Dhun May - Candidate for School Board
October 1, 2020
by Observer Staff
Dhun May immigrated to the US from India when she was nine years old. She is Zoroastrian, a minority religion in that country. She has an adult son who passed away named Daniel, and a daughter who is a veterinarian. The daughter, Armiati May, is an activist for veganism and opposes 5G.
She is "over 50" in age, a small woman. On a good day she's five feet tall, she says. Why did you decide to run for SMMUSD?
"I have ideas no one else has," says May. "There are simple things that can be done to improve the health of children, such as providing more whole-food and plant-based options.
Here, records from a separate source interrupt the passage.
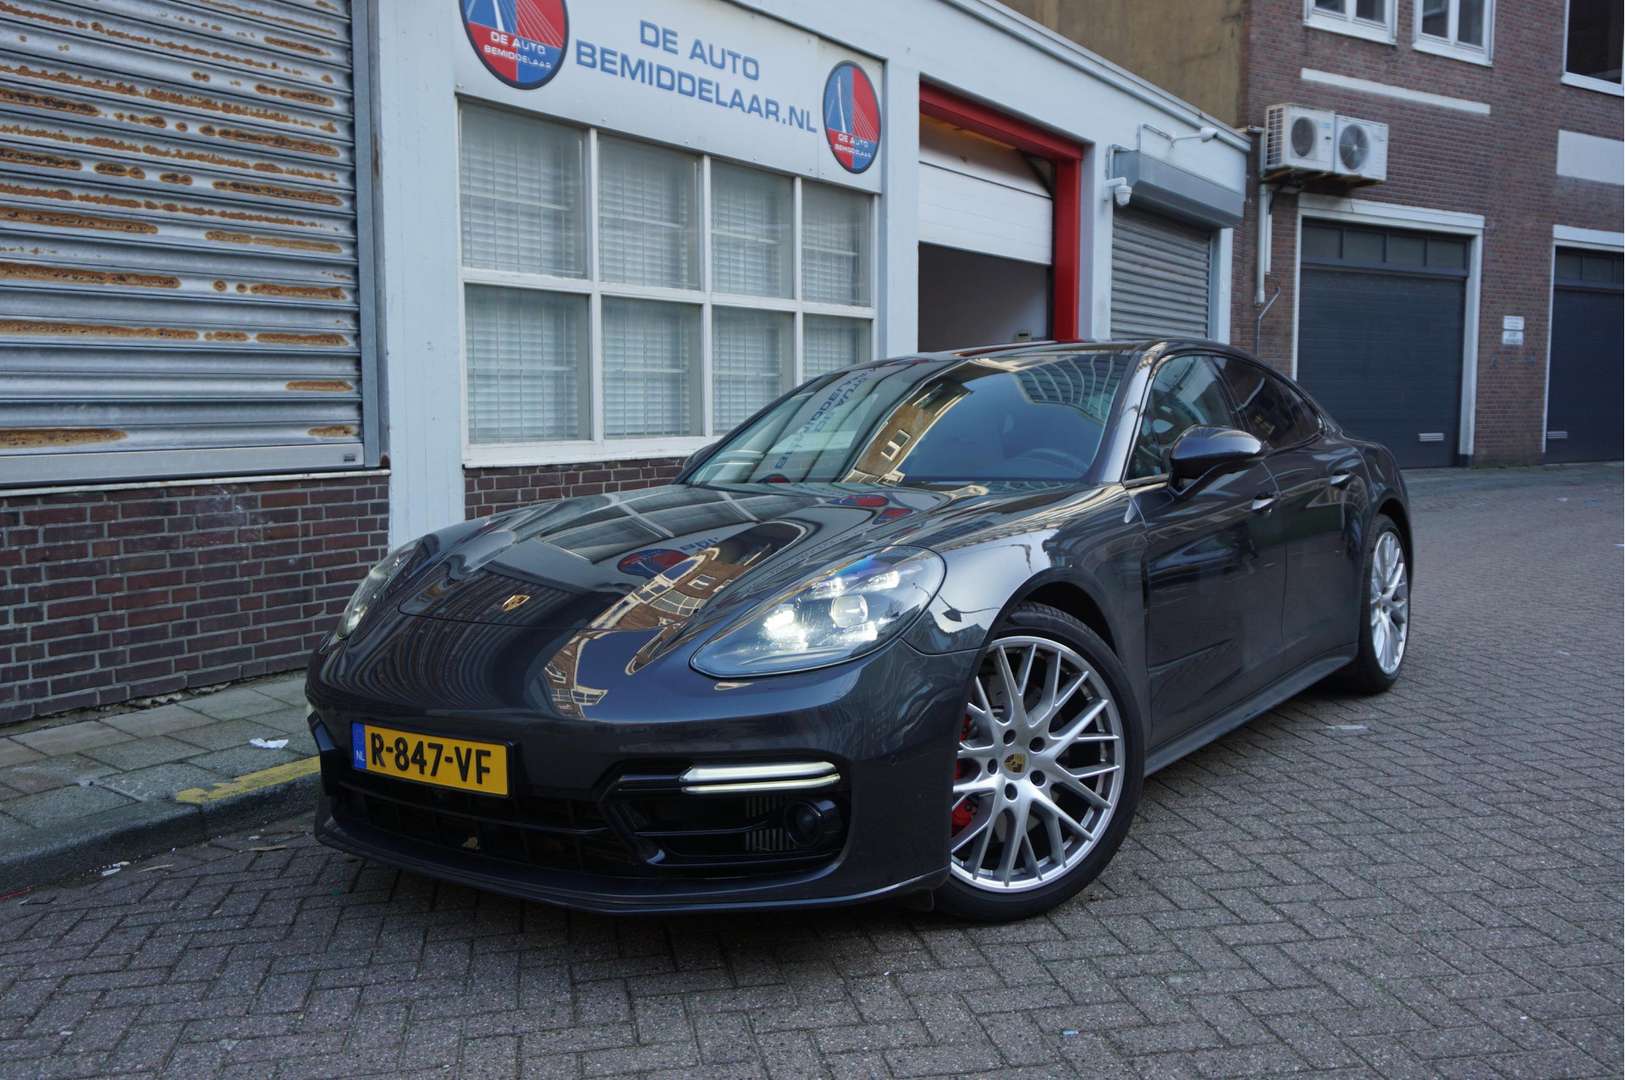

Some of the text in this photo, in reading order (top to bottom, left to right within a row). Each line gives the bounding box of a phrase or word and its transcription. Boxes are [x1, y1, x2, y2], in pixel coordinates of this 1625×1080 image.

[484, 44, 552, 69] BEMIDDELAAR
[490, 31, 546, 55] DE AUTO
[640, 19, 760, 81] DE AUTO
[575, 38, 818, 133] BEMIDDELAAR.NL
[355, 750, 366, 762] NL
[370, 732, 492, 785] R-847-VF
It makes children less susceptible to early-onset puberty, and it makes the classrooms calmer."
What qualifies you to sit on the school board?
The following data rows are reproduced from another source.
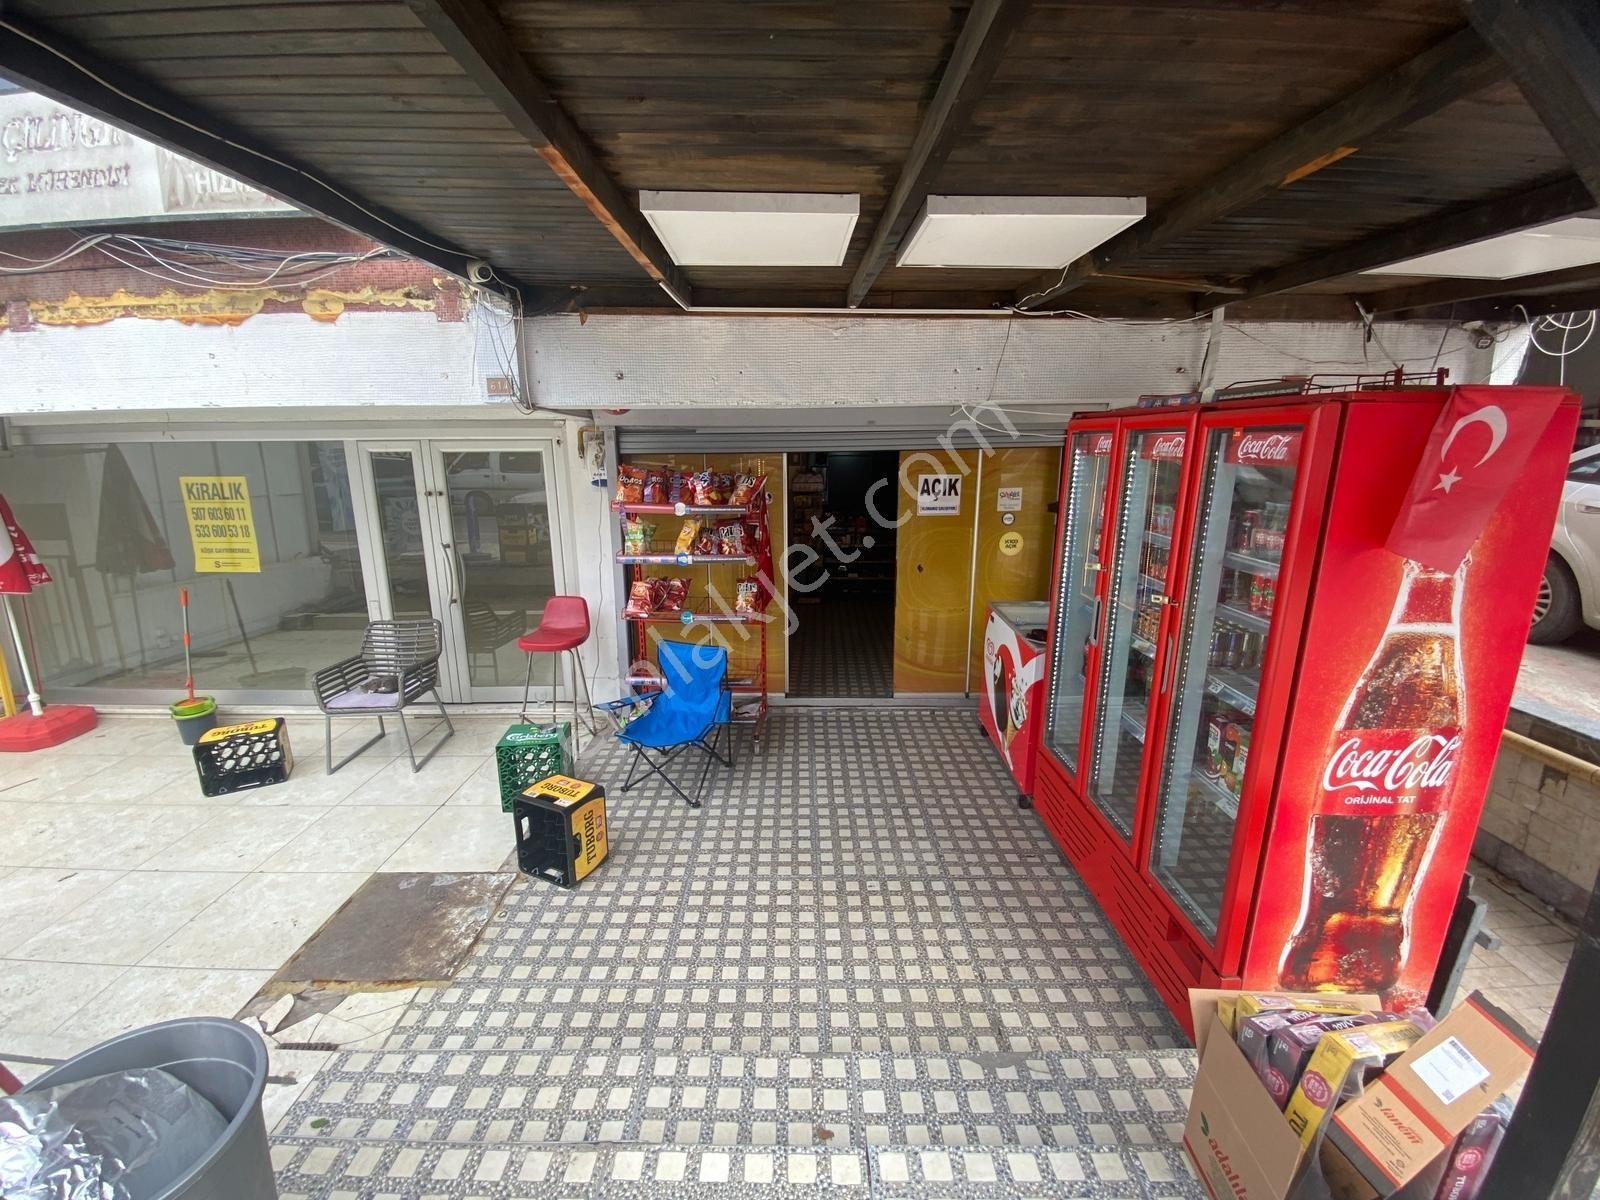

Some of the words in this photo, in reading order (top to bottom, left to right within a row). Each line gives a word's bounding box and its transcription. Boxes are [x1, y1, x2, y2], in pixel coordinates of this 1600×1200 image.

[1238, 434, 1294, 459] Coca-Cola
[920, 478, 960, 501] AÇIK
[191, 507, 207, 521] 507
[207, 507, 224, 521] 603
[224, 507, 236, 521] 60
[236, 507, 247, 521] 11
[195, 525, 211, 538] 533
[211, 525, 227, 538] 600
[227, 525, 240, 538] 53
[240, 525, 251, 538] 18
[506, 731, 559, 741] Carlsberg
[1322, 734, 1463, 792] Coca-Cola
[540, 782, 580, 798] TUBORG
[1344, 794, 1394, 805] ORİJİNAL
[1397, 795, 1416, 804] TAT
[583, 809, 597, 865] TUBORG
"I have been in the business of substitute teaching for 40 years," says May. She taught one year at the SMMUSD 15 years ago.
May says she knows how to be diplomatic. She believes she can "make some inroads that will make a real difference."
What should schools do about Covid-19?
May is worried about the social justice issue caused by school closures. "People with money can afford home schooling more readily."
May thinks children "should be able to come to school and not be confined to some pod where they don't get any exercise. They shouldn't have to stay home."
What would you do if elected to the School Board?
May is appalled by the physical state of the campuses, bathrooms with no soap and windows that won't open.
She's also concerned about forced vaccinations. She cites SB276, which she says forces children in all public and private schools "to be vaccinated with about 14 times as many doses as was generally required in the 1990s. This is a concern. Educators should at least be discussing it."
May believes there is a connection between all of these vaccinations and the rise she sees in the need for special education. She adds, "GMO foods are another problem- children are having more and more problems, and special education is becoming a really strong part of school." May says that "If these children had a plant-based diet, they would not have these problems."
What should be incorporated into the school curriculum?
"There should be character-building books in elementary school libraries," says May. "There are a lot of books that don't do much for the kids. If they could just put those things into their curriculum instead of all the propaganda and indoctrination."
May admits, "I kind of have old fashioned values." She is concerned about the subjects being brought up, starting in kindergarten. "Trying to tell kids to think things are okay that were thought of as wrong just a few years ago." May would like to see some of these radical social justice standards removed. However, she realizes that school board members have limited power.